Overview
The sharp climb in oil prices since late February has so far not produced the customary rebound in drilling activity across the Middle East. Instead, oilfield services companies are contending with a falloff in work as security threats and damage to energy infrastructure disrupt operations and raise the cost and complexity of moving people and equipment in one of the world's most important hydrocarbon-producing regions.
Price surge fails to spur orders
Brent crude has jumped 53% since February 27 - the day before U.S. and Israeli strikes on Iran began - a move that under normal circumstances would make projects more profitable and prompt producers to bring rigs and crews back online. But in the current environment the price increase alone is not triggering a wave of new orders for rigs and services. "For oilfield services companies, the situation is quite ambiguous: if producers do not increase activity, the price jump alone will not lead to a rise in orders," said Igor Isaev, head of analytics at European broker Mind Money.
Immediate operational impacts
Operators and service providers are already seeing the effects reflected in lower utilisation and delayed projects. In the Gulf region the offshore rig count - a leading indicator of future output - has fallen by about 39% to 72 rigs as of March 27, according to estimates from Rystad Energy. Before the spike in regional tensions, there had been 118 offshore rigs active in the area.
Idled rigs, slowed crew mobilizations and an increase in logistics and insurance expenses are combining to hamper execution of existing programmes and push out timelines for new work. The Strait of Hormuz - a chokepoint that carries roughly a fifth of global oil and natural gas supply - has become more difficult to navigate amid heightened security risks, further complicating offshore operations and the movement of equipment.
"A persistent closure of the Strait of Hormuz would severely impact crew mobilizations in the region as well as create logistical challenges for movement of equipment and higher insurance costs," said Lauren Mayhew, head of MENA Research at Welligence Energy Analytics, warning that project delays would be expected across the region.
Profitability and earnings pressure for service firms
Those operational constraints are translating into an immediate earnings hit for some oilfield services companies.

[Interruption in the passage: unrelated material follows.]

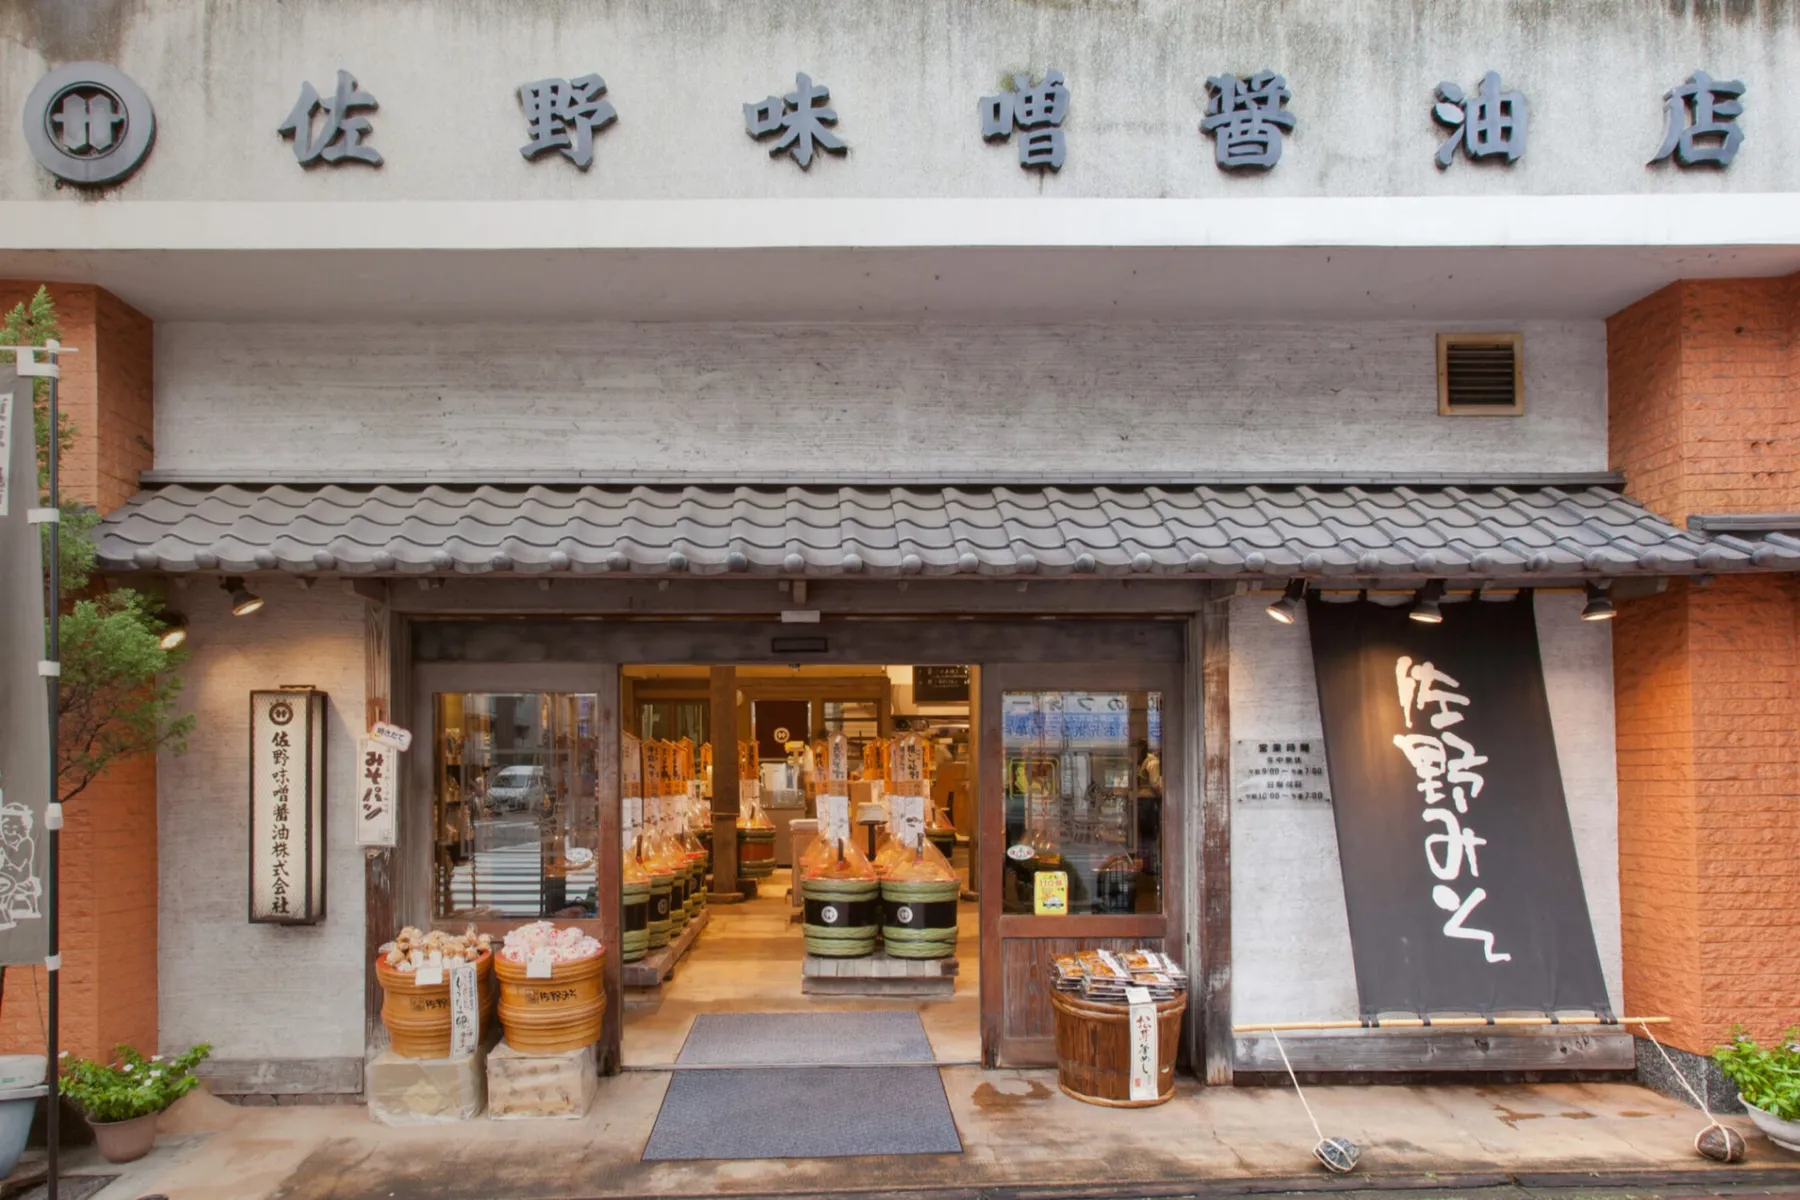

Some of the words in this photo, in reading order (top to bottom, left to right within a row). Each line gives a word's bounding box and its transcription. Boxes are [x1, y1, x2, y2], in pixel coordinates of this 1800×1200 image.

[278, 69, 1746, 171] 佐野味噌醤油店
[1393, 656, 1512, 963] 佐野みそ

Industry bellwether SLB has warned that first-quarter revenue will come in below expectations and that the company faces a 6-9 cent-per-share earnings hit after suspending travel and demobilizing operations in the Middle East. Companies with substantial exposure to the region - including SLB, Halliburton and Baker Hughes - are among the most affected, but smaller rivals that expanded into the Gulf in recent years are also feeling the strain.
UK-headquartered Borr Drilling, for example, has placed four rigs on standby across Saudi Arabia, the United Arab Emirates and Qatar and evacuated staff from one site. Richard Spears, vice president of oilfield consultancy Spears & Associates, estimates that revenue sourced from oilfield services in the Middle East could decline by 10% to 20% in the first quarter. "If the war keeps going on, well, the second quarter is not good," he said.
Repair and maintenance demand may follow
While the conflict is suppressing activity today, it is also creating future work requirements tied to repairing damaged infrastructure. Rystad Energy estimates energy infrastructure repair costs in the Middle East have reached at least $25 billion. Karan Satwani, an analyst at Rystad Energy, said damage across Gulf energy infrastructure "will generate meaningful demand for oilfield services ... this would result in operators prioritizing repair and maintenance of existing fields over contract awards for new development."
QatarEnergy's chief executive has said Iranian attacks knocked out one-sixth of the country's liquefied natural gas export capacity, a loss valued at about $20 billion a year, and that repairs could take three to five years. Baker Hughes CEO Lorenzo Simonelli noted the company stands ready to support QatarEnergy as it assesses the damage.
Welligence Energy's Mayhew added a note of caution: "Additional repair and maintenance to damaged facilities in the region will to some extent result in additional demand for OFS companies, the extent to which this occurs however will be heavily dependent on broader market conditions and firm's capital allocations."
Broader market signals and producer caution
Outside the Middle East, producers are signalling restraint. U.S. operators at the recent CERAWeek conference in Houston indicated they would want to see prices persist at higher levels for several months before committing to add rigs. That collective caution is contributing to a slower-than-expected recovery in demand for oilfield services globally, even as elevated crude improves economics on paper for new projects.
Implications for logistics and supply chains
From a transportation and logistics perspective, the situation increases friction across multiple vectors: personnel movements are being restricted or rerouted; equipment transits face higher insurance premiums and potential delays; and regional closures or disruptions at sea lanes like the Strait of Hormuz complicate scheduling and fleet deployment. These dynamics are reducing effective capacity and raising operating ratios for service firms that rely on predictable mobilizations and tight equipment rotations.
Outlook
In the near term, oilfield services companies are likely to see revenue and utilization pressure tied to halted or deferred projects. Over a longer horizon, repair and restoration work could provide a meaningful source of demand, though the timing and scale of that work will depend on how long infrastructure remains impaired, how operators prioritise capital spending, and whether regional security stabilises.